January 15, 2016

Data Point: Employee Development a Weakness in Many Nonprofits

Nonprofits feel challenged in their ability to offer development opportunities that would help staff members build critical skills and grow within their roles and organizations.

The Bridgespan Group surveys many of its nonprofit clients to help them assess their organizational strengths and weaknesses. To date 131 organizations have taken Bridgespan’s Organization Diagnostic survey, which contains 73 statements across five categories of organizational effectiveness: leadership; decision-making and structure; people; work processes and systems; and culture. Respondents can “strongly agree” (4), “agree” (3), “disagree” (2), or “strongly disagree” (1) with each statement.
The average score across all statements is 2.92. Overall nonprofit organizations exhibit important strengths: leadership’s vision, having skilled and effective staff, and having an inspiring culture that promotes values and produces results. However, those very strengths are often undermined by what they consider to be their organizational weaknesses, which include their nonprofits’ ability to develop and build staff skills over time.
Specifically, three categories within the “People” section of the survey are among the top five organizational weaknesses noted by survey respondents (See below chart, Top 5 Organizational Strengths and Weaknesses). When asked to consider the statement, “We help individuals develop to their full potential and provide opportunities for growth,” nonprofit organizations scored, on average, 2.78, suggesting that the nonprofit leaders and employees who took our survey saw their organizations as weak in their ability to develop employees and provide growth opportunities. Only 30 percent of the organizations surveyed considered it a relative strength (i.e., scored it higher than their overall average on the entire survey).
Similarly, when asked to consider the statement, “We have development plans for current and future leaders in our organization,” the average score was 2.40 [1], almost 18 percent lower than the overall average, suggesting that respondents considered this a great weakness within their organizations. Only 6 percent of respondents felt it was an organizational strength.

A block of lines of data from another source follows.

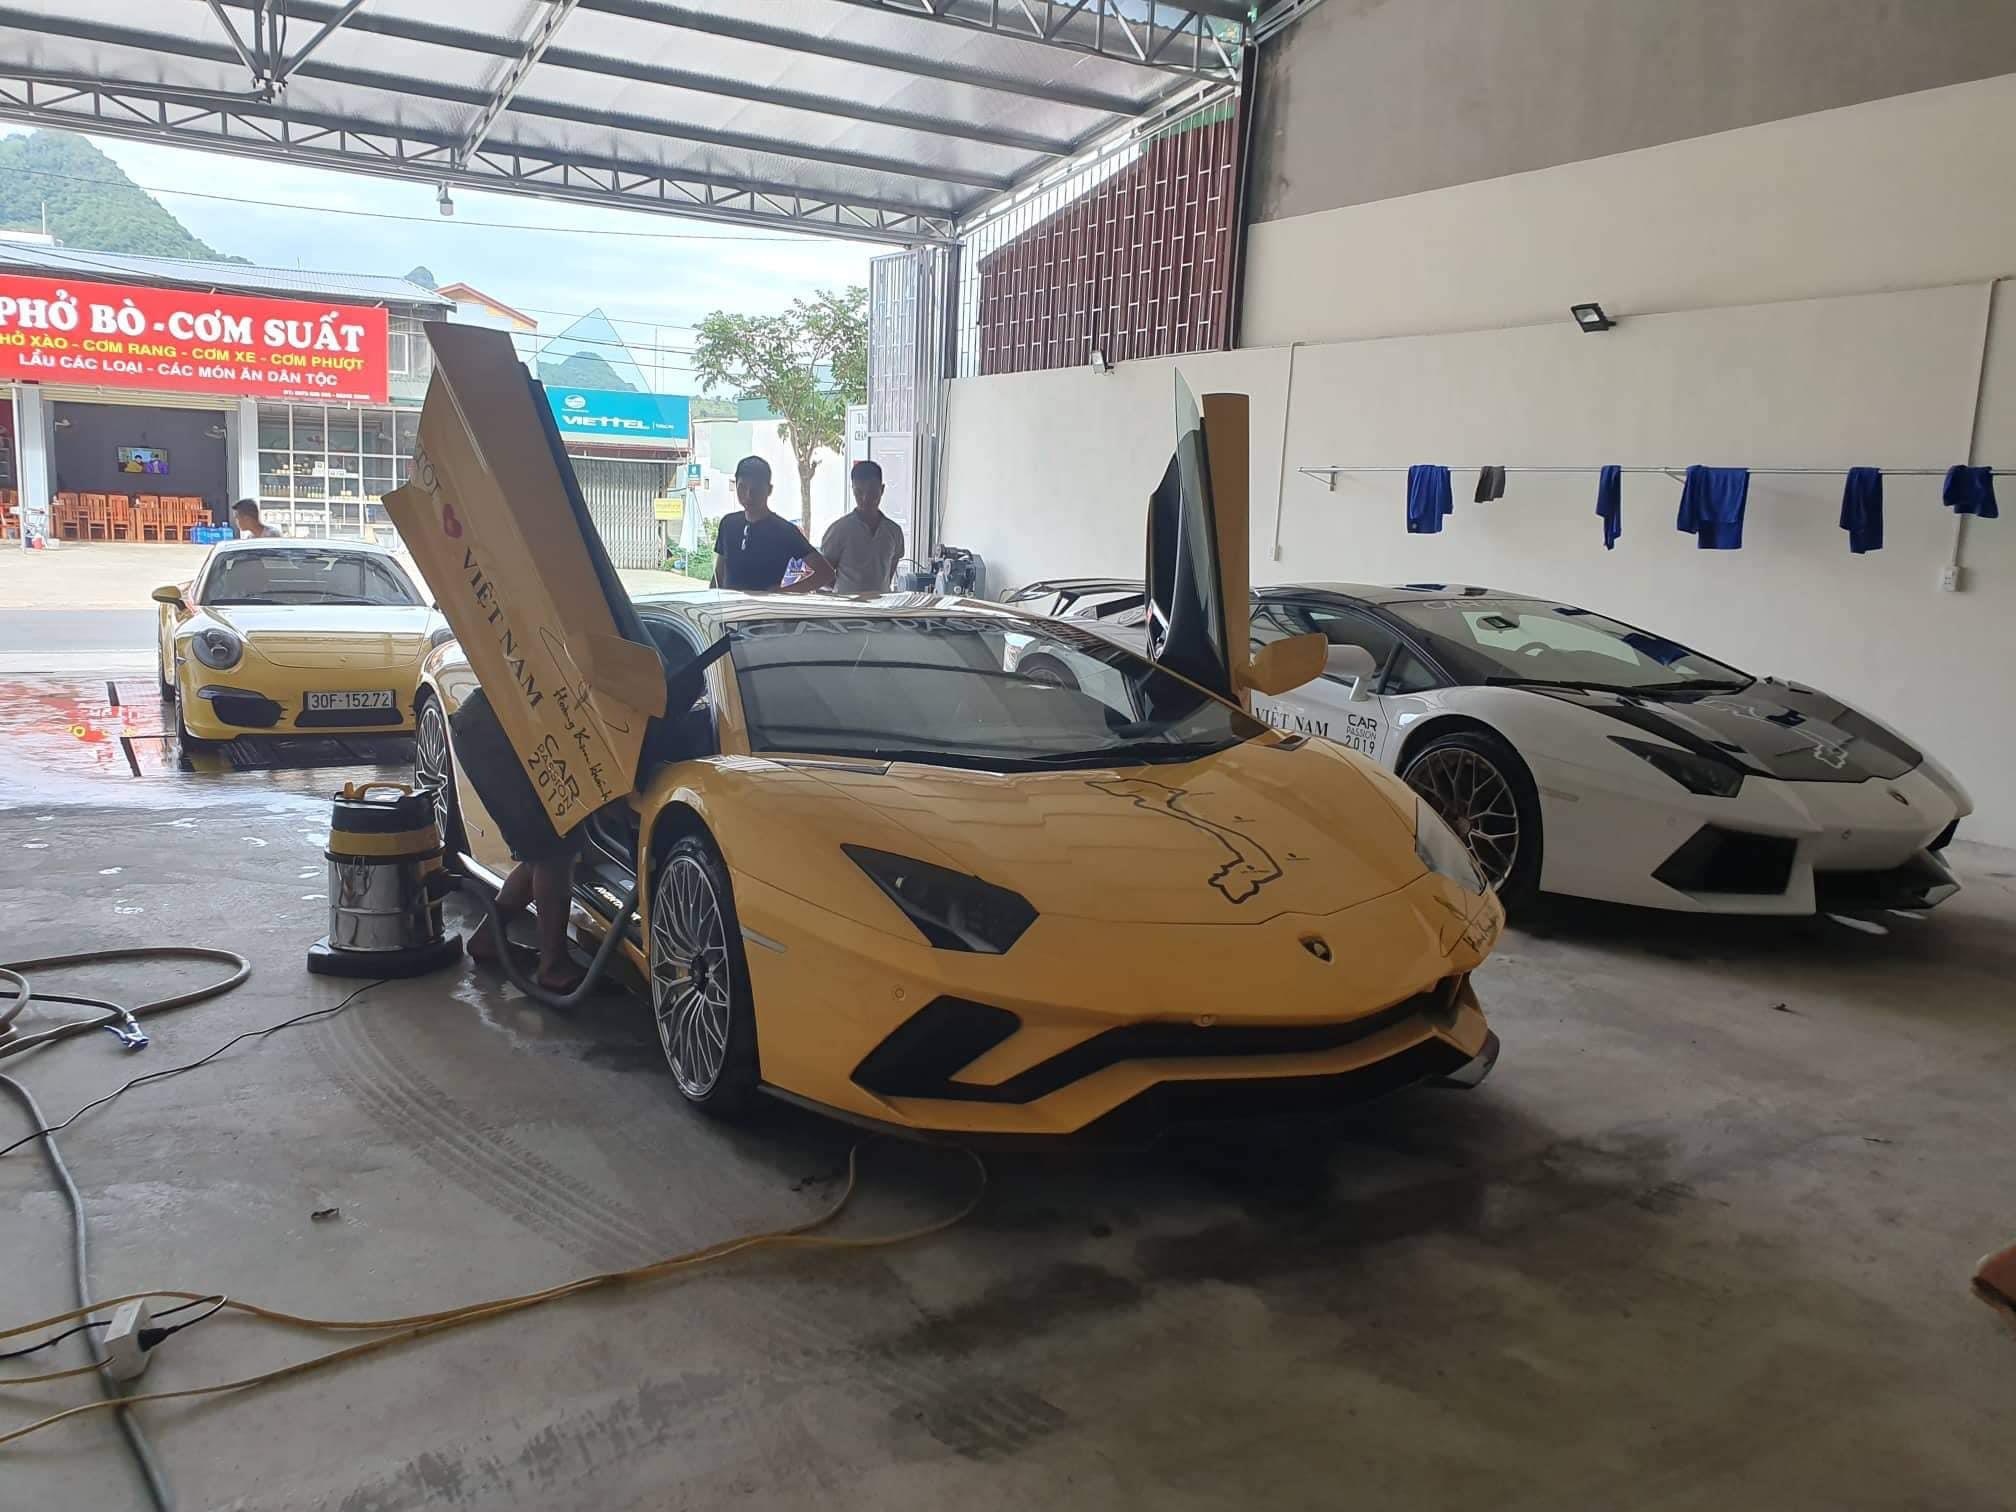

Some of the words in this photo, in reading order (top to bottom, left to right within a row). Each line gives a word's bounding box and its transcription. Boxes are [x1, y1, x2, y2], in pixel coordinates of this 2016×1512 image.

[0, 288, 79, 331] PHỞ
[89, 298, 146, 337] BÒ
[168, 308, 254, 345] CƠM
[263, 310, 365, 353] SUẤT
[0, 329, 26, 346] HỞ
[31, 333, 68, 350] XÀO
[83, 339, 123, 354] CƠM
[128, 343, 177, 359] RANG
[192, 348, 230, 362] CƠM
[235, 351, 257, 364] XE
[271, 353, 307, 368] CƠM
[311, 356, 365, 372] PHƯỢT
[60, 355, 98, 370] CÁC
[103, 359, 143, 375] LOẠI
[158, 361, 193, 377] CÁC
[198, 366, 236, 380] MÓN
[267, 369, 302, 384] DÂN
[305, 371, 338, 387] TỘC
[498, 627, 545, 709] NAM
[1295, 714, 1329, 737] NAM
[1346, 726, 1377, 740] PASSION
[1347, 713, 1378, 732] CAR
[1345, 735, 1376, 755] 2019
[527, 751, 566, 817] 2019
[544, 734, 580, 802] CAR

As the survey responses suggest, nonprofit organizations feel that they have skilled and effective staff members; however, they feel challenged in their ability to offer development opportunities that could help ensure staff members’ successful futures within their organizations. Nonprofits that find ways to develop individuals’ skills are able to build on the strength of their people, and thereby strengthen the organization as a whole.

[1] N=66; this statement was only recently introduced to the Organization Diagnostic survey referenced in this article.